[[ Data to use open ]]

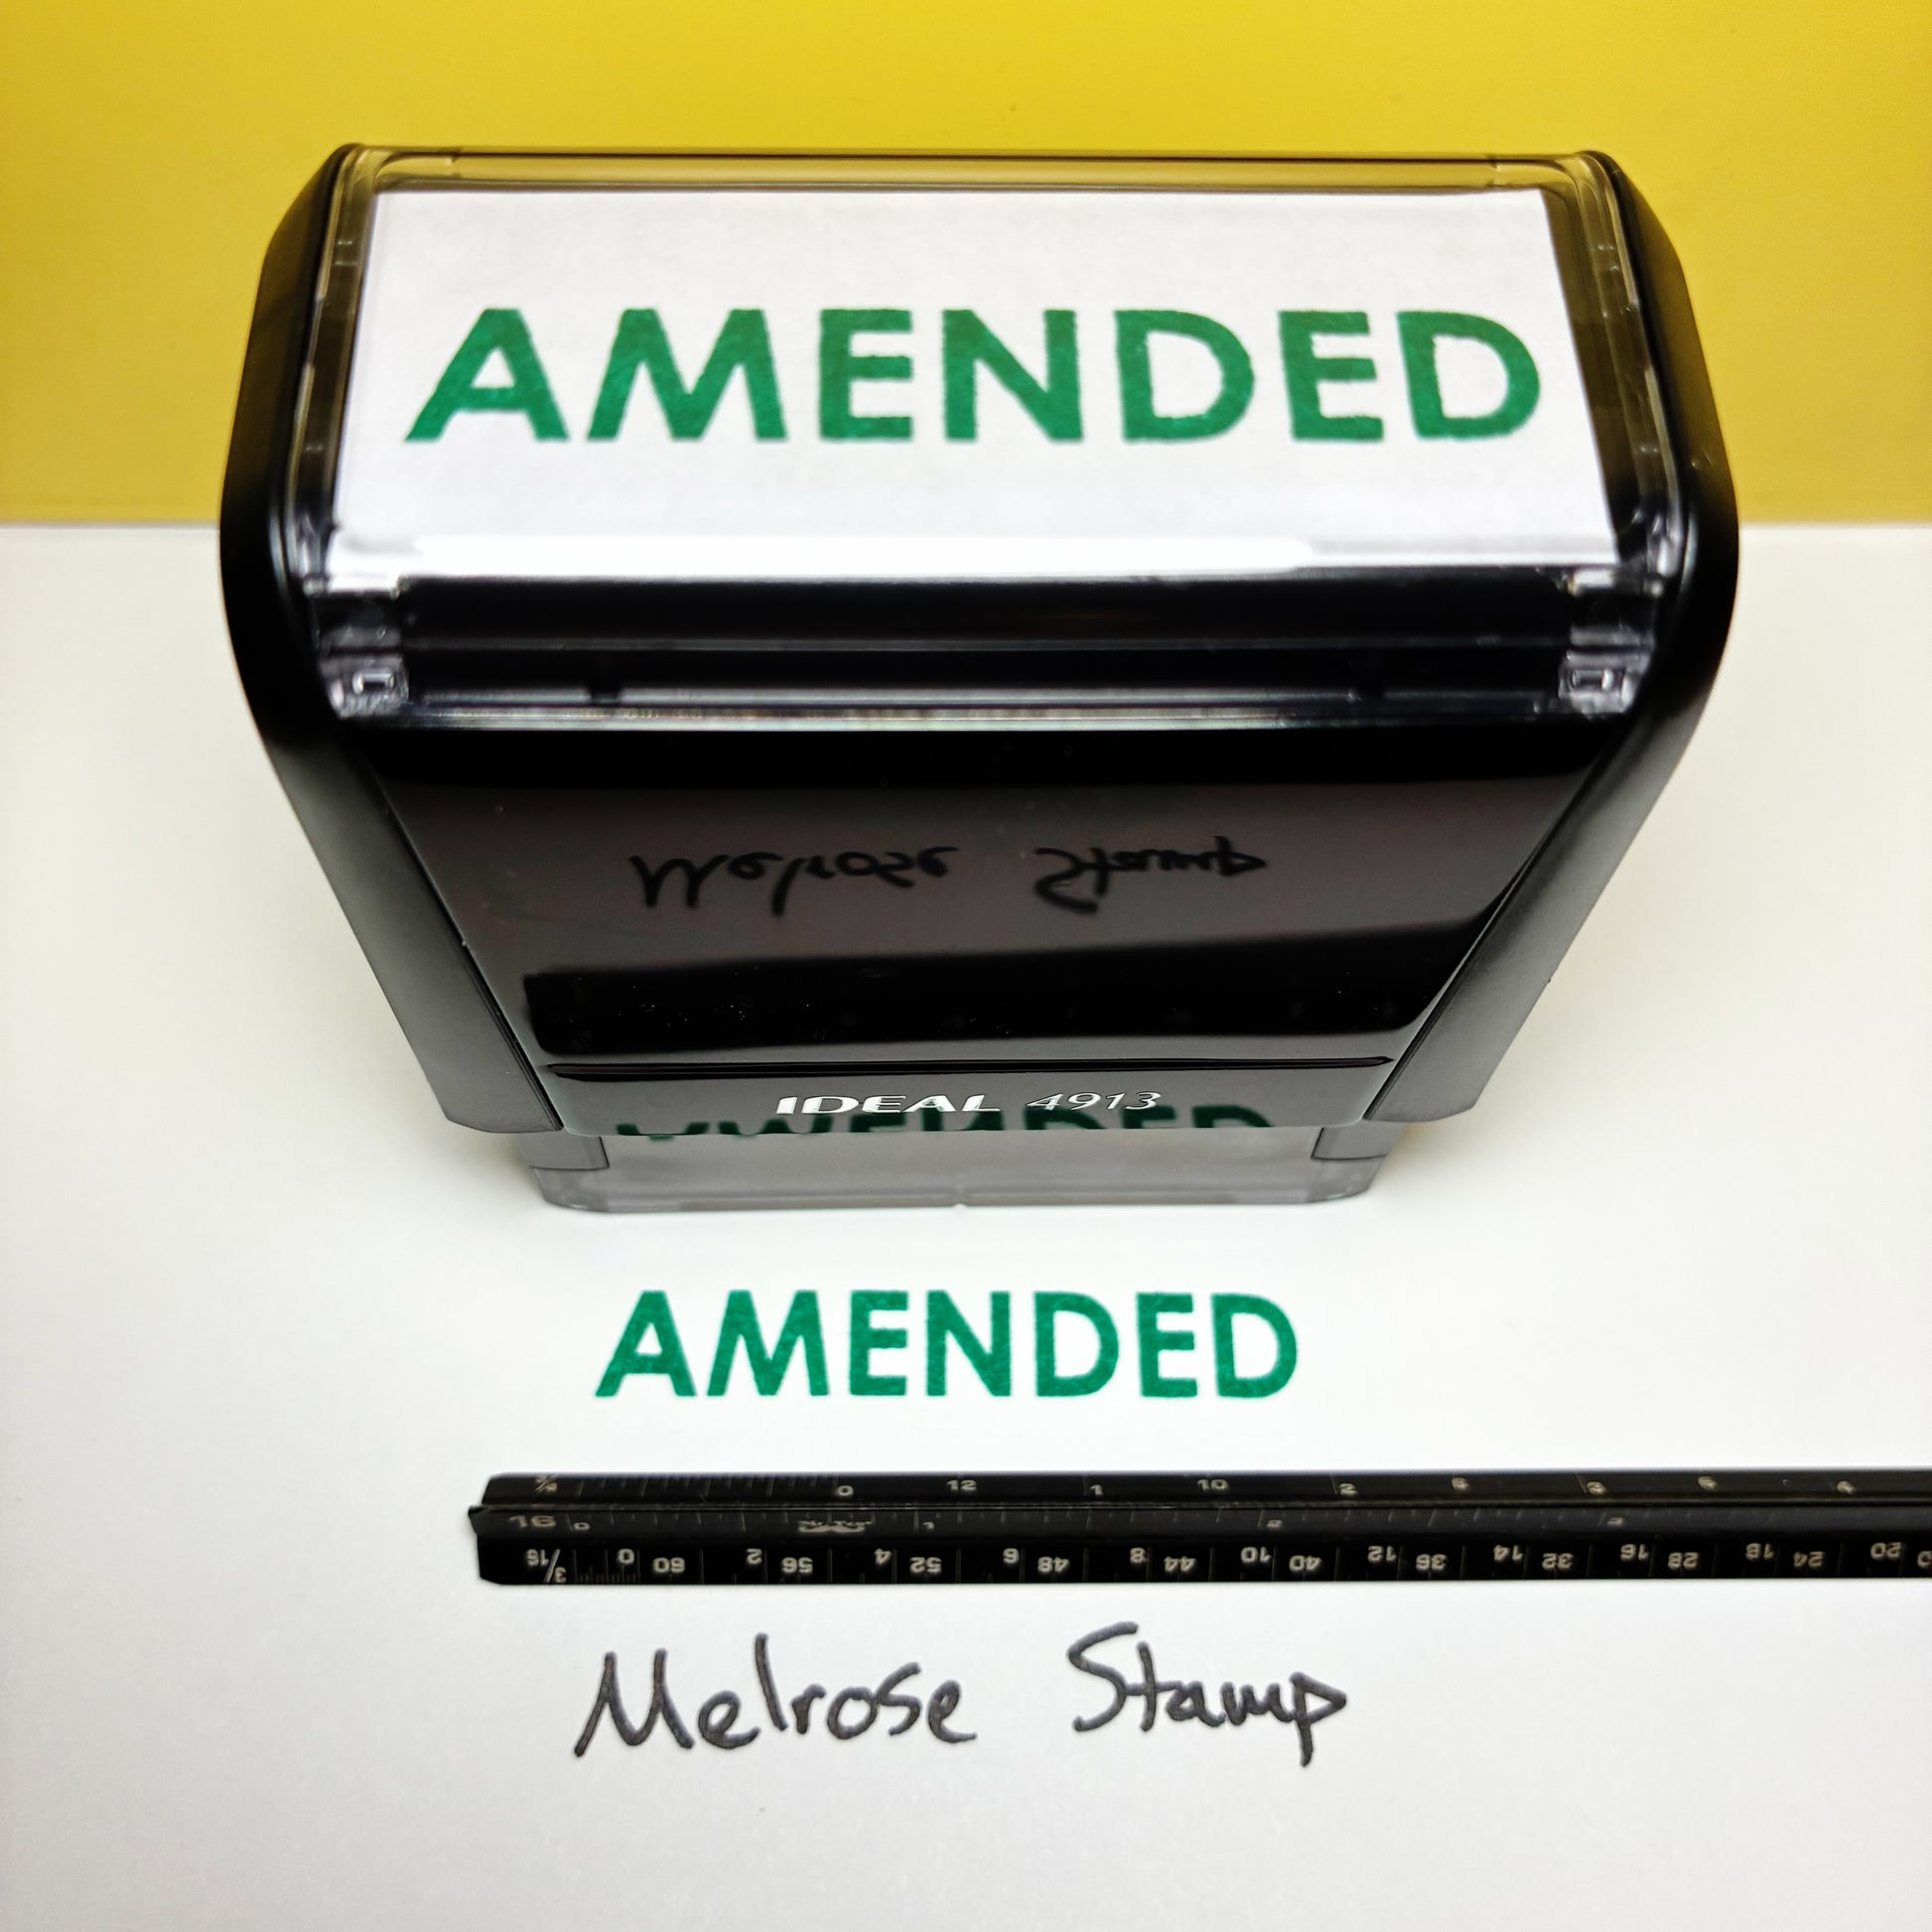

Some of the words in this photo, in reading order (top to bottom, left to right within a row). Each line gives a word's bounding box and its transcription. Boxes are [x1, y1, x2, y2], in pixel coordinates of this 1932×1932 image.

[405, 307, 1542, 444] AMENDED
[775, 1094, 1001, 1116] IDEAL
[1025, 1091, 1163, 1111] 4913
[595, 1289, 1300, 1400] AMENDED
[836, 1485, 854, 1497] 0
[946, 1479, 977, 1491] 12
[1090, 1484, 1103, 1496] 1
[1196, 1478, 1229, 1491] 10
[1339, 1482, 1358, 1496] 2
[508, 1514, 557, 1528] 16
[618, 1548, 635, 1565] 0
[747, 1548, 763, 1565] 2
[874, 1548, 892, 1566] 4
[1003, 1548, 1021, 1565] 6
[1129, 1547, 1147, 1564] 8
[1240, 1546, 1273, 1564] 10
[1367, 1545, 1398, 1562] 12
[1492, 1545, 1524, 1562] 14
[1620, 1544, 1650, 1561] 16
[1745, 1543, 1775, 1560] 18
[1870, 1542, 1902, 1560] 20
[652, 1557, 686, 1574] 60
[781, 1557, 814, 1574] 56
[909, 1557, 942, 1574] 52
[1037, 1556, 1070, 1574] 48
[1164, 1556, 1196, 1573] 44
[1289, 1555, 1322, 1572] 40
[1416, 1554, 1448, 1571] 36
[1542, 1553, 1575, 1571] 32
[1667, 1552, 1700, 1570] 28
[1793, 1551, 1825, 1569] 24
[572, 1632, 978, 1758] Melrose
[1065, 1621, 1347, 1768] Stamp

[[ Data to use closed ]]

Instructions to follow:
Every line above gets copied exactly; none of the pictures do.

Task answer:
Some of the words in this photo, in reading order (top to bottom, left to right within a row). Each line gives a word's bounding box and its transcription. Boxes are [x1, y1, x2, y2], in pixel coordinates of this 1932×1932 image.

[405, 307, 1542, 444] AMENDED
[775, 1094, 1001, 1116] IDEAL
[1025, 1091, 1163, 1111] 4913
[595, 1289, 1300, 1400] AMENDED
[836, 1485, 854, 1497] 0
[946, 1479, 977, 1491] 12
[1090, 1484, 1103, 1496] 1
[1196, 1478, 1229, 1491] 10
[1339, 1482, 1358, 1496] 2
[508, 1514, 557, 1528] 16
[618, 1548, 635, 1565] 0
[747, 1548, 763, 1565] 2
[874, 1548, 892, 1566] 4
[1003, 1548, 1021, 1565] 6
[1129, 1547, 1147, 1564] 8
[1240, 1546, 1273, 1564] 10
[1367, 1545, 1398, 1562] 12
[1492, 1545, 1524, 1562] 14
[1620, 1544, 1650, 1561] 16
[1745, 1543, 1775, 1560] 18
[1870, 1542, 1902, 1560] 20
[652, 1557, 686, 1574] 60
[781, 1557, 814, 1574] 56
[909, 1557, 942, 1574] 52
[1037, 1556, 1070, 1574] 48
[1164, 1556, 1196, 1573] 44
[1289, 1555, 1322, 1572] 40
[1416, 1554, 1448, 1571] 36
[1542, 1553, 1575, 1571] 32
[1667, 1552, 1700, 1570] 28
[1793, 1551, 1825, 1569] 24
[572, 1632, 978, 1758] Melrose
[1065, 1621, 1347, 1768] Stamp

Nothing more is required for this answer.